418 C.R. 2788 Sunset, Texas 76270    Ph.# (940) 427-2609

Rose Creek Farms


Tasty Recipes for Chinese Cabbage (Napa)


Producing white leaves at the bottom and pale green leaves at the top, attractive napa cabbage leaves are somewhat crinkly. Delicately flavored compared to common cabbage, napa is deliciously juicy, crisp, sweet and mild. A very versatile vegetable, this type of cabbage is especially appreciated by gourmet and health-conscious chefs. 

A must cabbage for salads and slaws. Steam, stuff, stir-fry, microwave, sauté or braise. Season with curry powder, dill seed, dill weed, mustard or caraway seeds. Pair with pasta, roasts and chicken. Add to soups and stews. Its mild taste is perfect for relish. Use in any recipe that calls for common cabbage. 

Storage Tips

To store, refrigerate in plastic perforated bag. Do not wash until ready to use. Do not remove all of the outer tough leaves before storage. They will help retain moisture, keeping the inside crisp and fresh. Keep Chinese cabbage in the hydrator drawer of the refrigerator for up to two weeks.


Nutritionally richer than regular cabbage, napa is higher in calcium and vitamin A. All cabbages offer vitamin C, potassium, folacin and dietary fiber.

Kim Chi

2 lbs of Chinese Cabbage


6 scallions, white and green parts thinly sliced

4 garlic cloves, crushed and finely chopped

2 tbsp finely chopped fresh ginger

1 tbsp Korean chili powder, or cayenne pepper mixed with paprika

1 tsp sugar

1. Quarter the cabbage lengthways, then cut each quarter width-ways into approximately 2-inch pieces.

2. Pour 6 1/4 cups water into a large bowl and stir in 3 tbsp salt until dissolved. Add the cabbage and weight down with a plate to keep the pieces submerged.

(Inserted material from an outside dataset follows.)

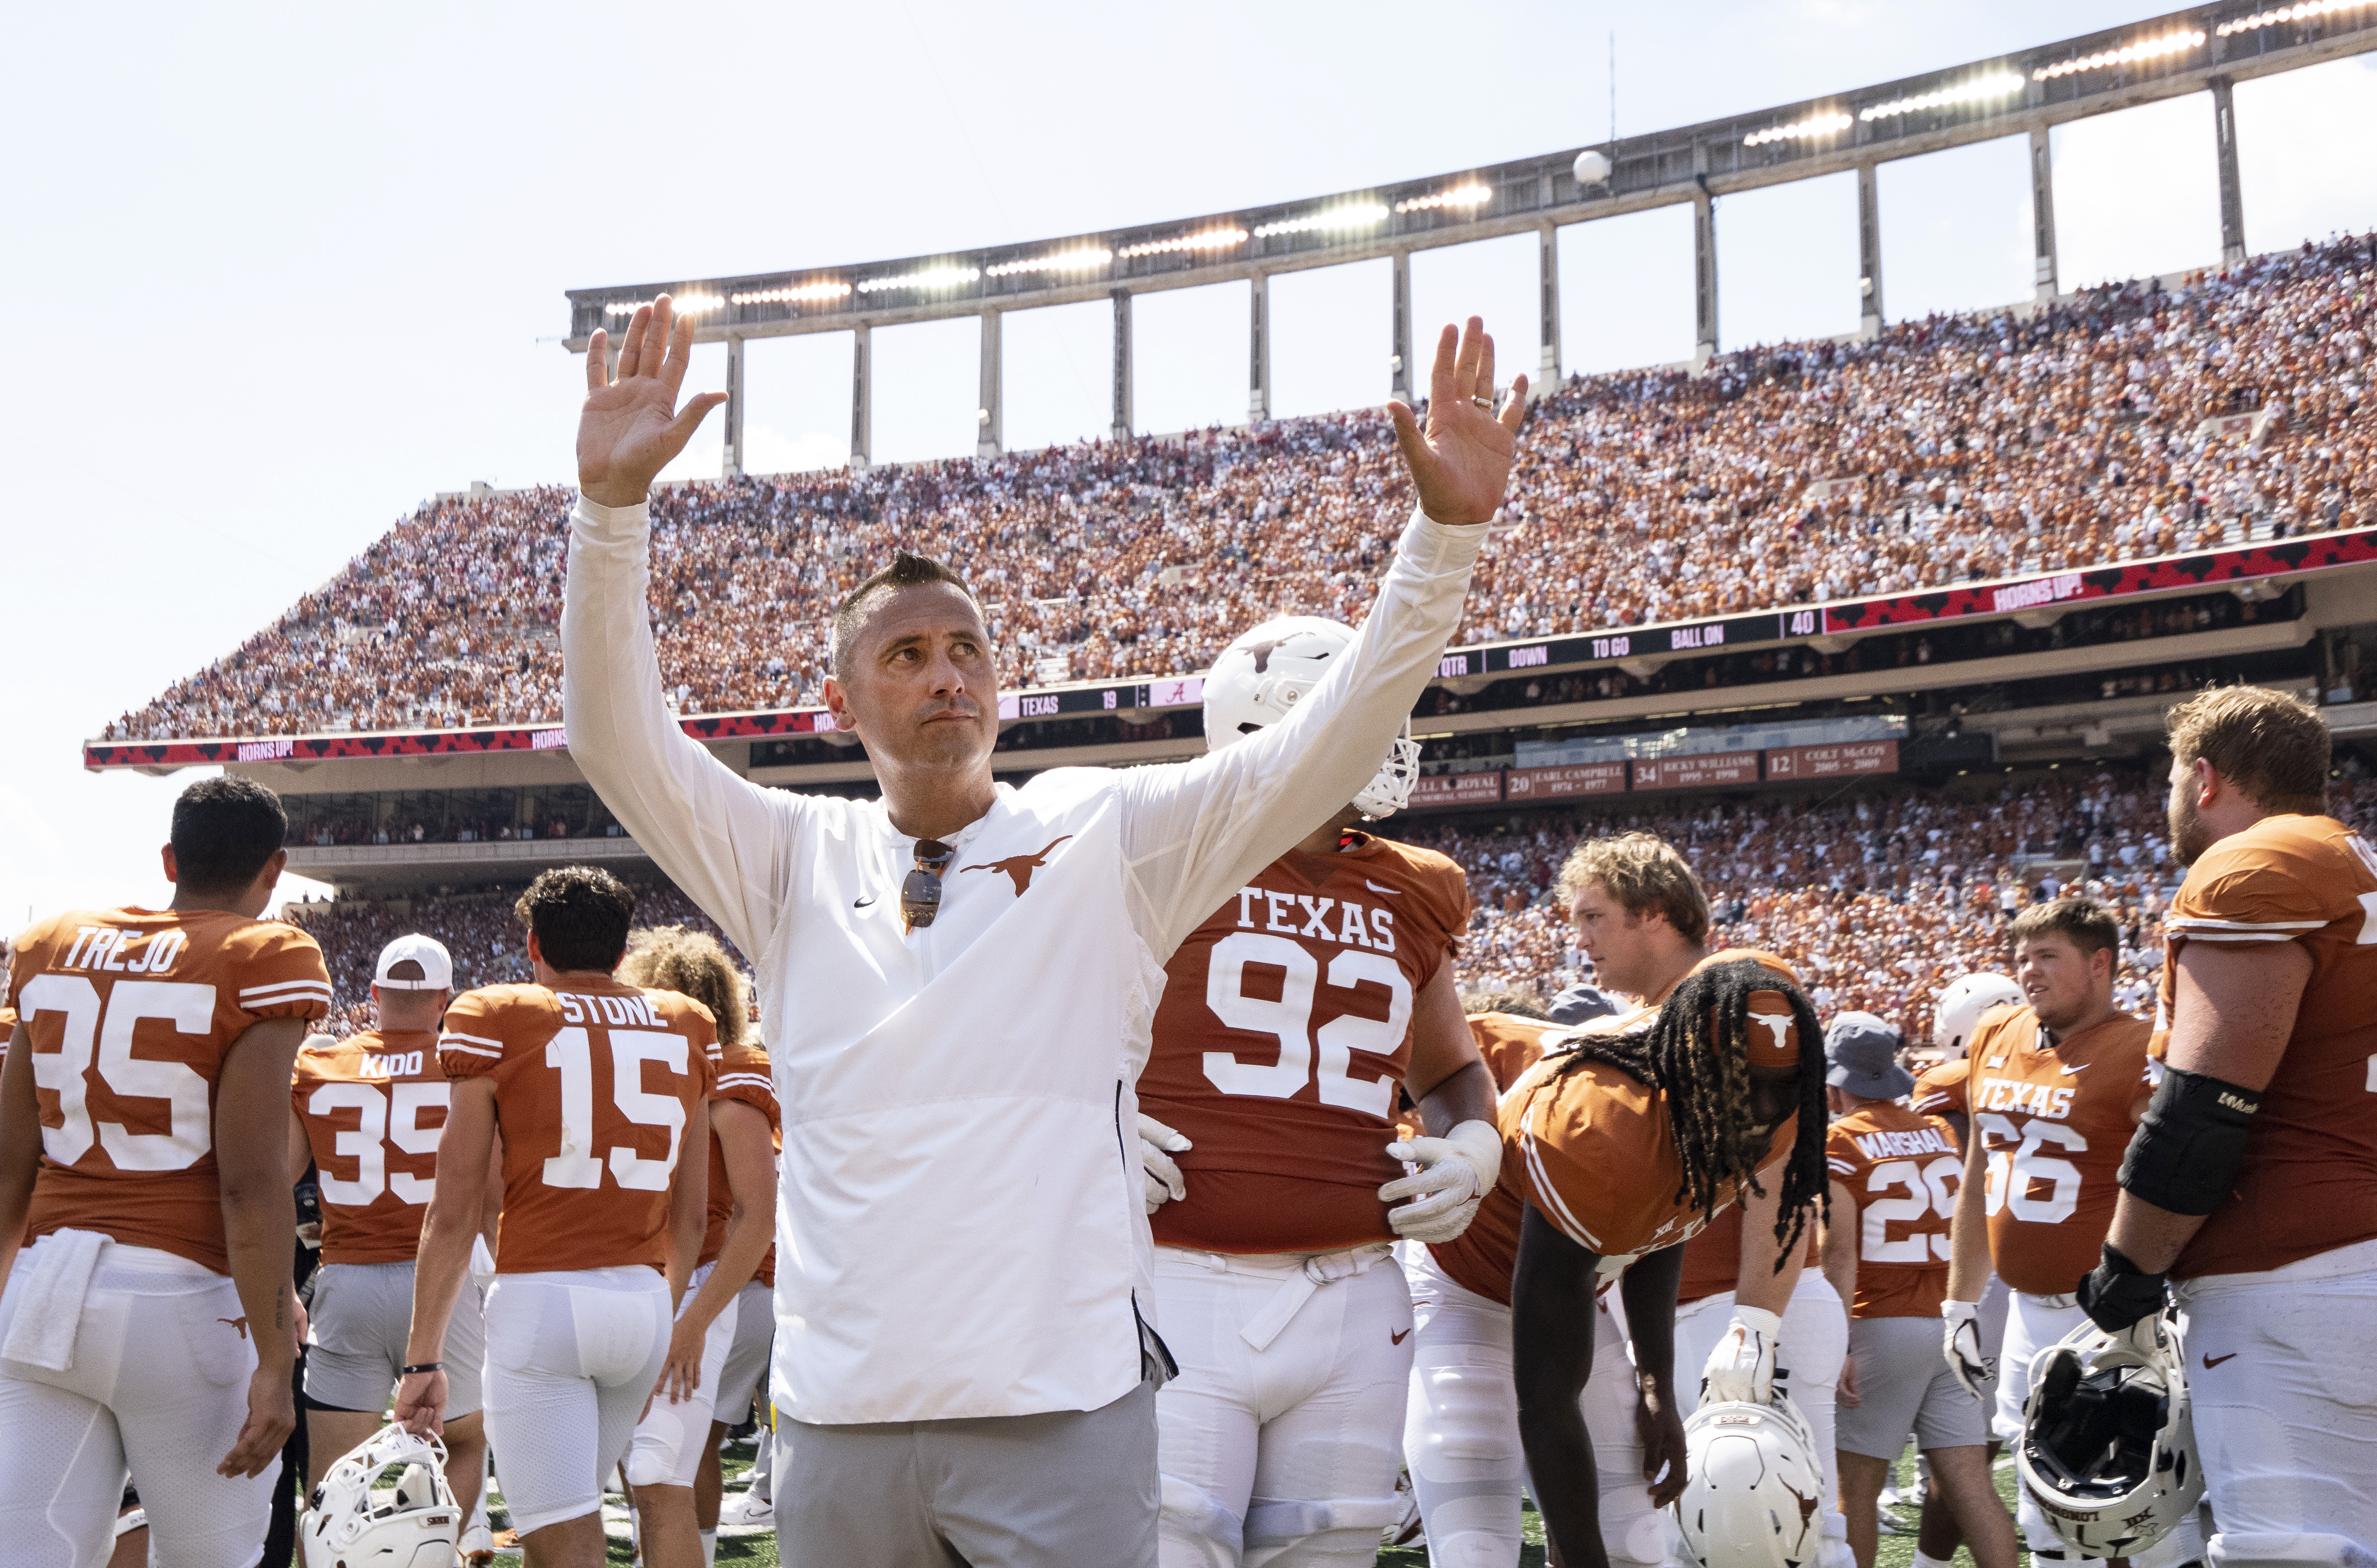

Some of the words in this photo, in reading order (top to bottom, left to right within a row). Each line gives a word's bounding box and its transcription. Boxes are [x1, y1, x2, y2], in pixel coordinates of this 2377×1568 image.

3. Cover and leave for 12 hours, stirring the cabbage occasionally. Using a slotted spoon, remove the cabbage from the bowl, and reserve the salted water.

4. Mix the cabbage with the remaining ingredients and 1 tsp salt. Pack into clean, dry 2-quart jars. Pour in enough of the reserved salted water to cover the cabbage. Leave a space of 1 inch at the top of the jar. Cover the jar loosely with a non-metallic lid and leave for 3-6 days until the pickle has become sour enough for your taste. Cover tightly and keep in a cold, dark place. It will keep in these conditions for up to 1 year.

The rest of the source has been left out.